= Spatial localization data =
╭──

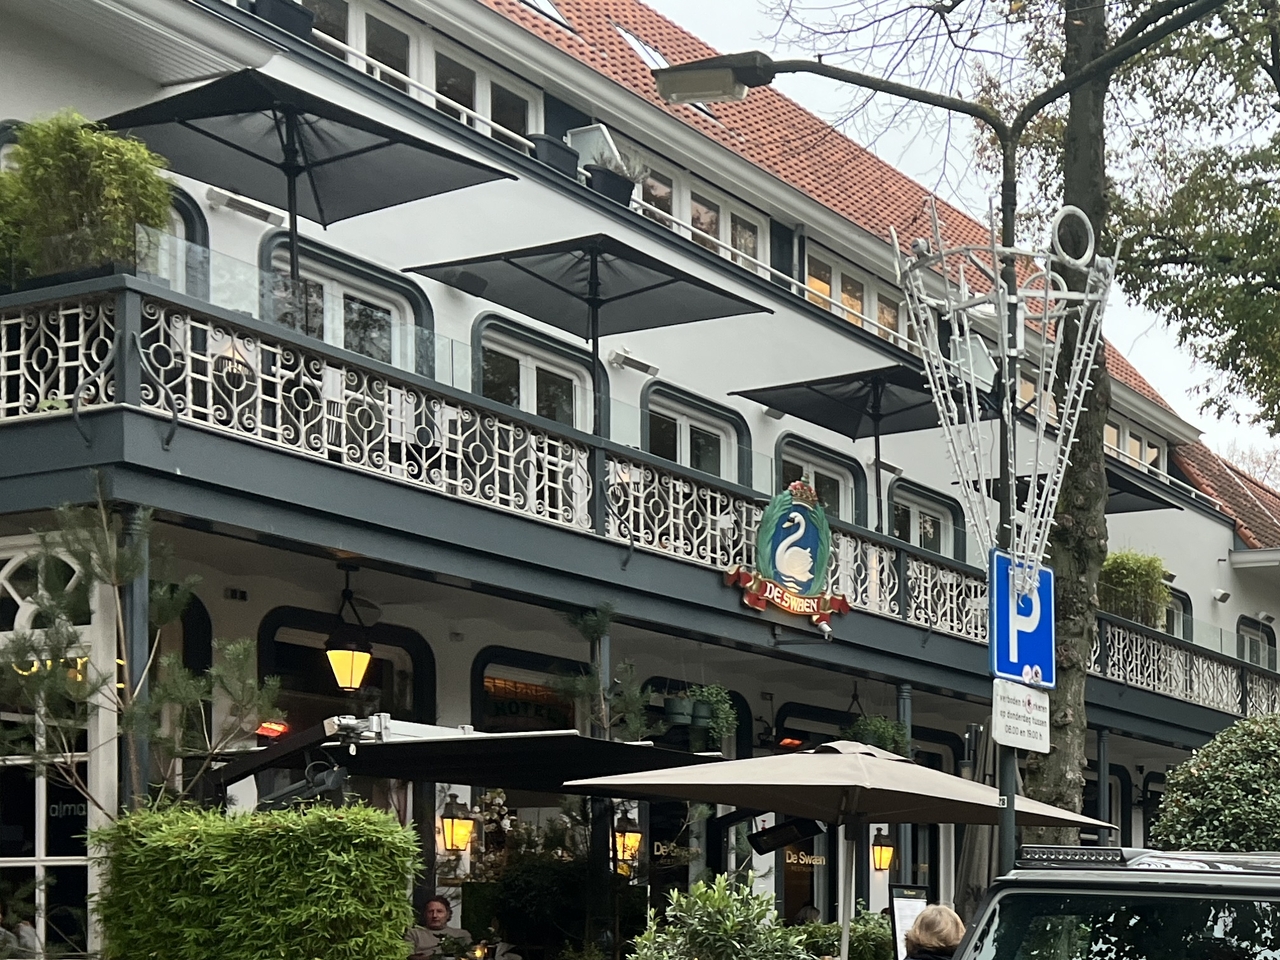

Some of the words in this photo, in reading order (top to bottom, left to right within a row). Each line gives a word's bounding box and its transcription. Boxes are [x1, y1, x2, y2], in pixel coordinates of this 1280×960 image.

[763, 581, 783, 604] DE
[782, 593, 818, 613] SWAEN
[1008, 565, 1041, 664] P
[1000, 694, 1021, 707] verboden
[1000, 710, 1006, 719] op
[1007, 710, 1031, 726] donderdag
[1032, 716, 1048, 728] tussen
[785, 850, 798, 864] De
[798, 851, 826, 866] Swaen
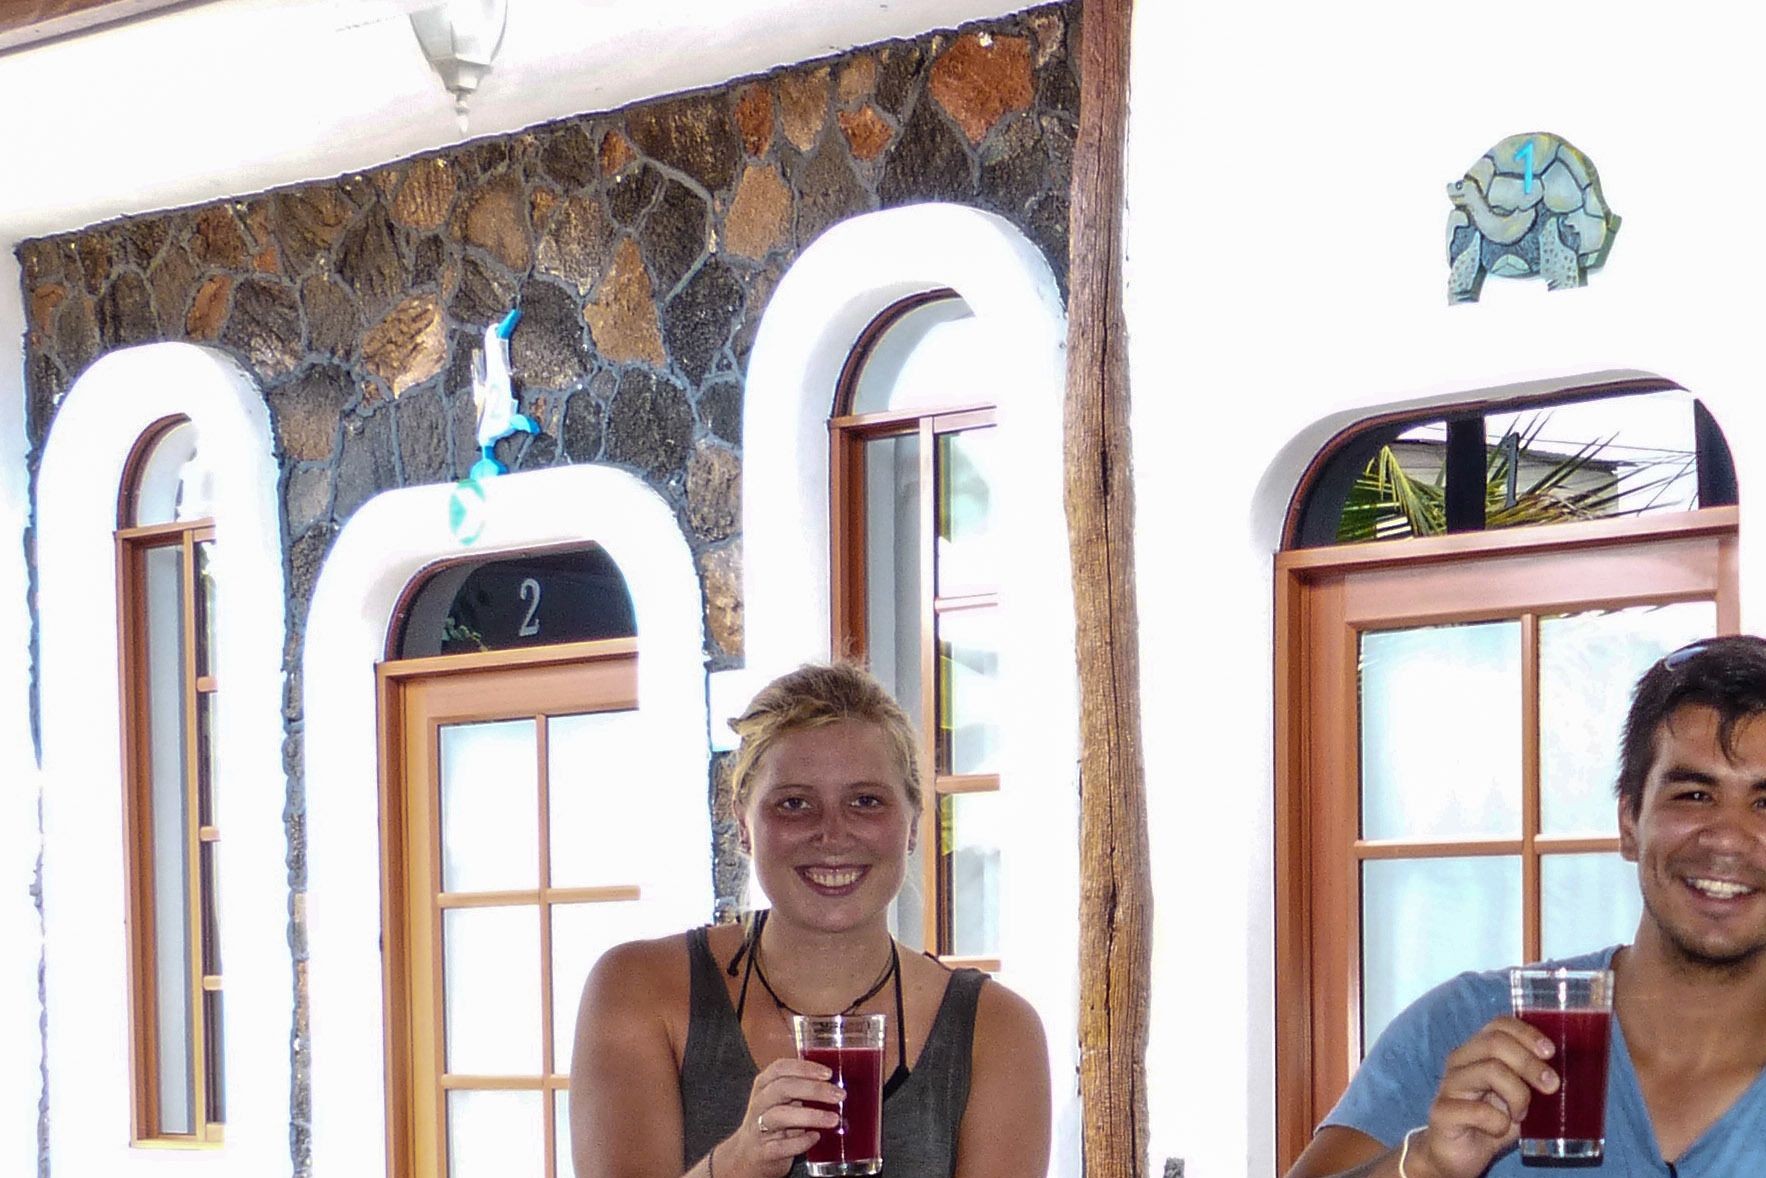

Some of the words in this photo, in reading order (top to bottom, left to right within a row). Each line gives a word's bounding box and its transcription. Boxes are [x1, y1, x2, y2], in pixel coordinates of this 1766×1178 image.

[1514, 139, 1533, 195] 1
[1500, 431, 1519, 508] 1
[518, 578, 540, 637] 2
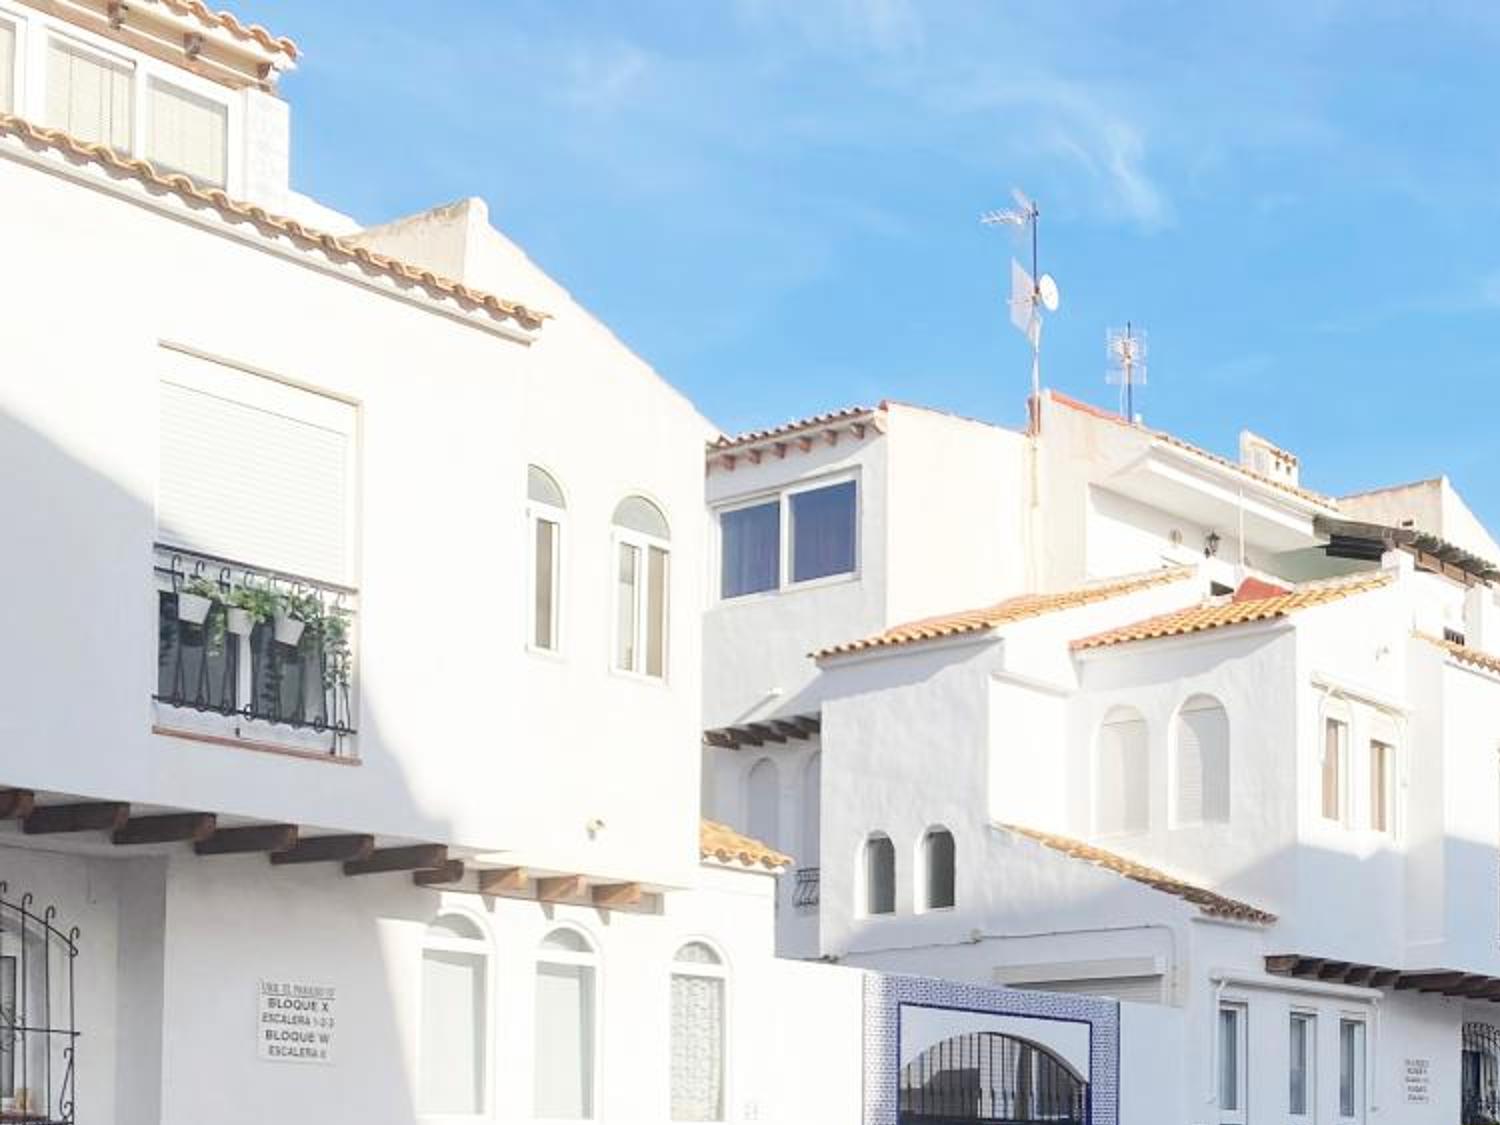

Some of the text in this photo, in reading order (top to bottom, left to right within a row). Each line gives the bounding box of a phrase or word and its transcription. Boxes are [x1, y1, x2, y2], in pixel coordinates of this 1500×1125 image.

[267, 997, 329, 1012] BLOQUE X
[265, 1029, 315, 1043] BLOQUE
[268, 1045, 318, 1057] ESCALERA

╰──

= The problem =
All entries above should be printed exactly, though without their pictures.

= Reply =
Some of the words in this photo, in reading order (top to bottom, left to right within a row). Each line gives a word's bounding box and its transcription. Boxes are [x1, y1, x2, y2], in pixel coordinates of this 1280×960 image.

[763, 581, 783, 604] DE
[782, 593, 818, 613] SWAEN
[1008, 565, 1041, 664] P
[1000, 694, 1021, 707] verboden
[1000, 710, 1006, 719] op
[1007, 710, 1031, 726] donderdag
[1032, 716, 1048, 728] tussen
[785, 850, 798, 864] De
[798, 851, 826, 866] Swaen

Some of the words in this photo, in reading order (top to bottom, left to right within a row). Each line gives a word's bounding box and its transcription. Boxes are [x1, y1, x2, y2], in pixel coordinates of this 1766×1178 image.

[1514, 139, 1533, 195] 1
[1500, 431, 1519, 508] 1
[518, 578, 540, 637] 2

Some of the text in this photo, in reading order (top to bottom, left to right within a row). Each line gives the bounding box of a phrase or word and its transcription. Boxes are [x1, y1, x2, y2], in pixel coordinates of this 1500×1125 image.

[267, 997, 329, 1012] BLOQUE X
[265, 1029, 315, 1043] BLOQUE
[268, 1045, 318, 1057] ESCALERA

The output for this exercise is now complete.